Así que pasen 40 años
Ilya U. Topper
Claveles rojos en los puños. Han pasado 40 años desde aquella madrugada en la que una emisora de radio se puso a tocar Grândola vila morena y miles de soldados, encabezados por oficiales de bajo rango, salieron de sus cuarteles, tomaron las calles de una Lisboa dormida, rodearon los edificios oficiales.
Fue un golpe de Estado, pero uno de izquierdas. Un golpe militar tan poco sangriento —si murió una decena de personas es mucho— y tan idealista que se le dio el hermoso nombre de Revolución. Justificado: tras décadas de dictadura, aquellos versos de Zeca Afonso, “O povo é quem mais ordena / dentro de ti, ó cidade”, escritos varios años antes, se cumplieron.

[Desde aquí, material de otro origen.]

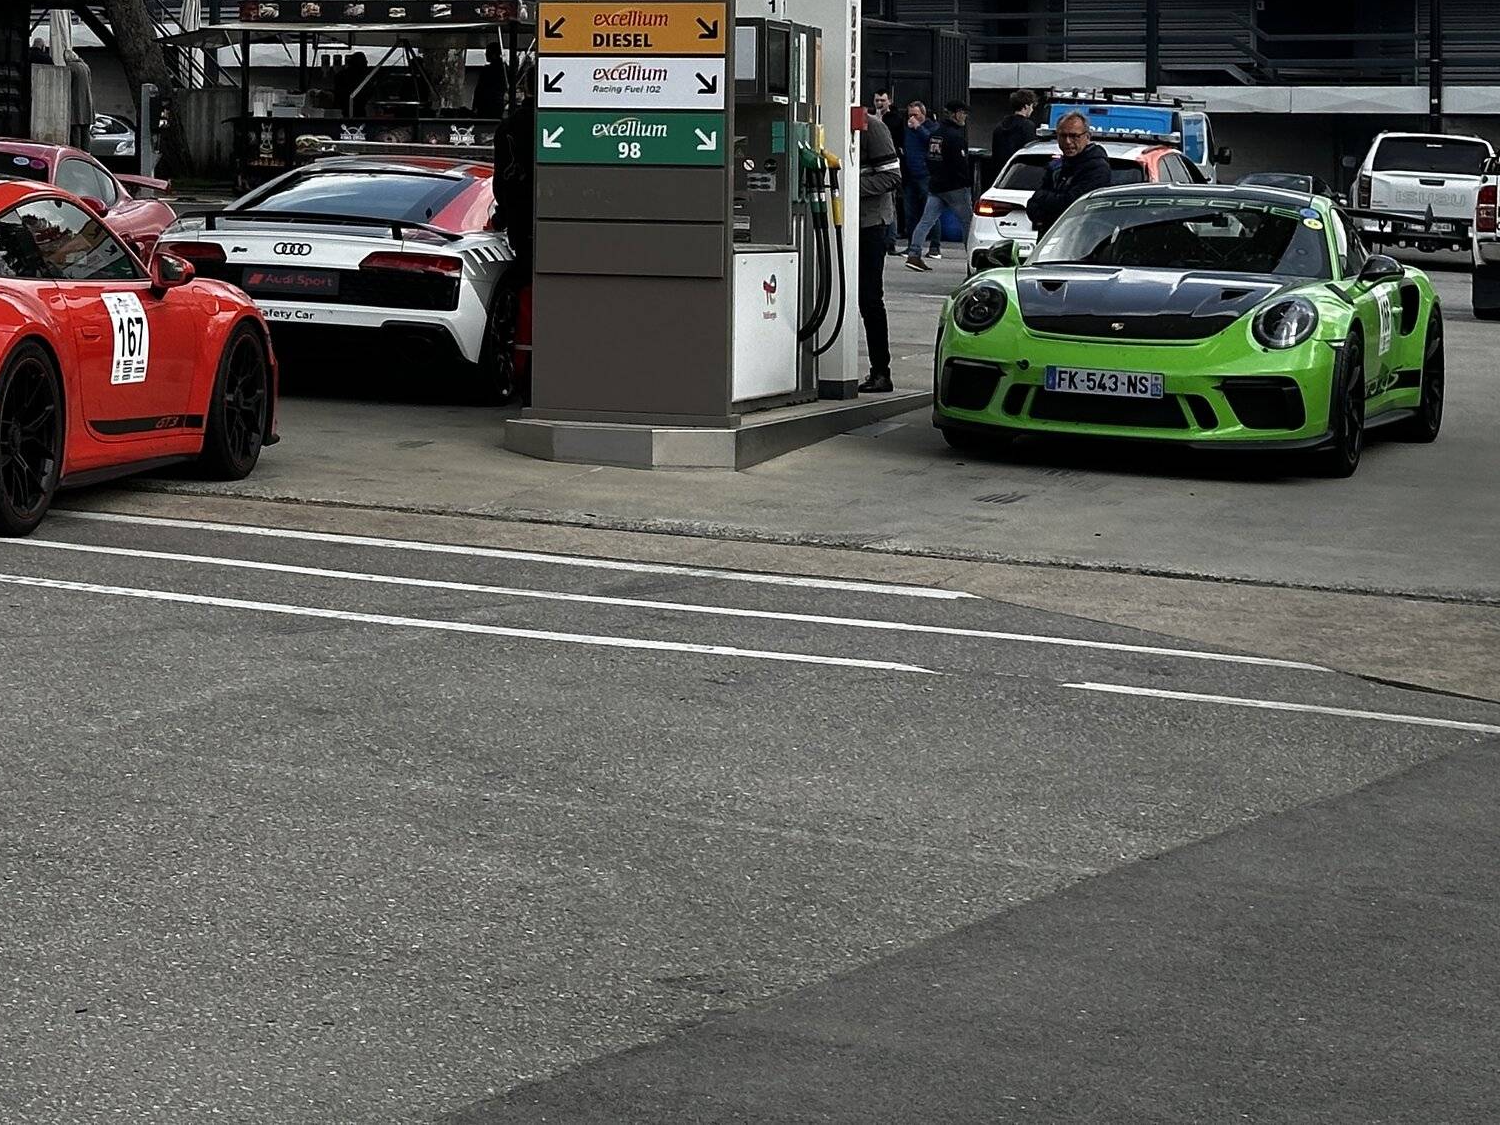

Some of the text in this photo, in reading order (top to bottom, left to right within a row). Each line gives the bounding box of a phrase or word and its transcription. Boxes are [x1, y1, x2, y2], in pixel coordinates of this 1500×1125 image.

[768, 0, 776, 14] 1
[593, 10, 669, 27] excellium
[592, 33, 653, 48] DIESEL
[592, 64, 668, 82] excellium
[592, 85, 661, 94] Racing Fuel 102
[591, 120, 668, 138] excellium
[617, 141, 642, 159] 98
[1084, 198, 1302, 222] PORSCHE
[264, 273, 333, 287] Audi Sport
[294, 310, 315, 320] Car
[118, 316, 144, 358] 167
[1057, 369, 1149, 395] FK-543-NS
[155, 416, 180, 429] GT3
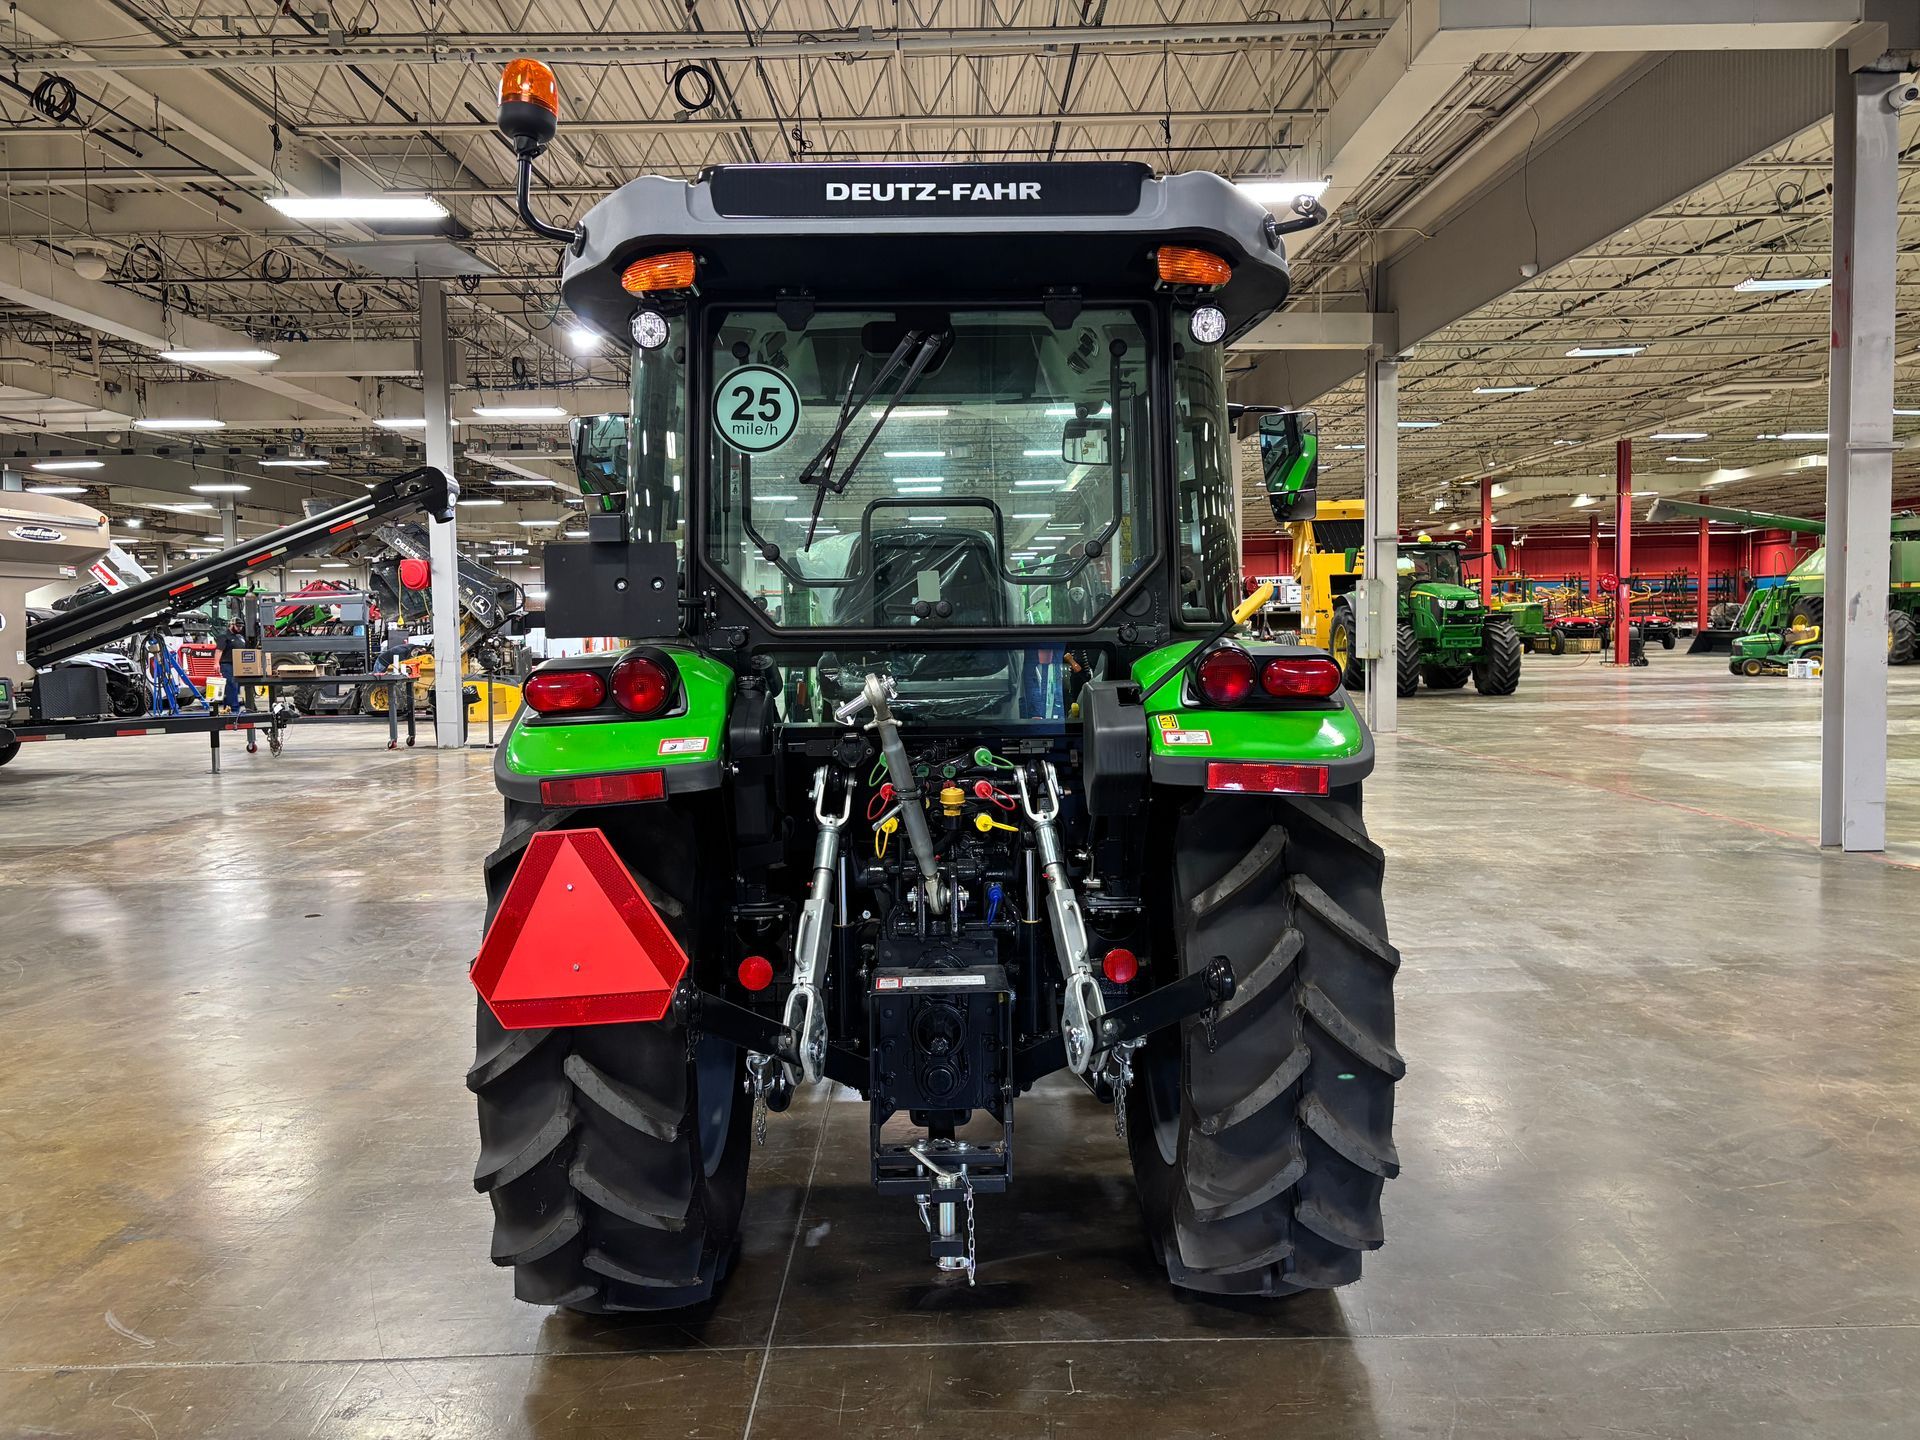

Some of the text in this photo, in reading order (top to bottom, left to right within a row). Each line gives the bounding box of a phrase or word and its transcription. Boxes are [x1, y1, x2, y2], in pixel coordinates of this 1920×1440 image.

El pueblo perdió el miedo a la policía secreta, debatía en las plazas, acabó montando una democracia. Bajo una tutela militar de jóvenes mandos, los Capitães de Abril, que muy pronto se retiraron.
Era una revolución, porque no se trataba simplemente de cambiar a quienes ejercían el poder y ni siquiera de modificar únicamente el sistema. Los militares tenían un programa político que iba más allá del restablecimiento de la República. No todos tenían el mismo. Algunos querían ver una Portugal convertida en un país estrictamente marxista, una dictadura del proletariado. Otros querían una democracia parlamentaria socialista. Éstos ganaron.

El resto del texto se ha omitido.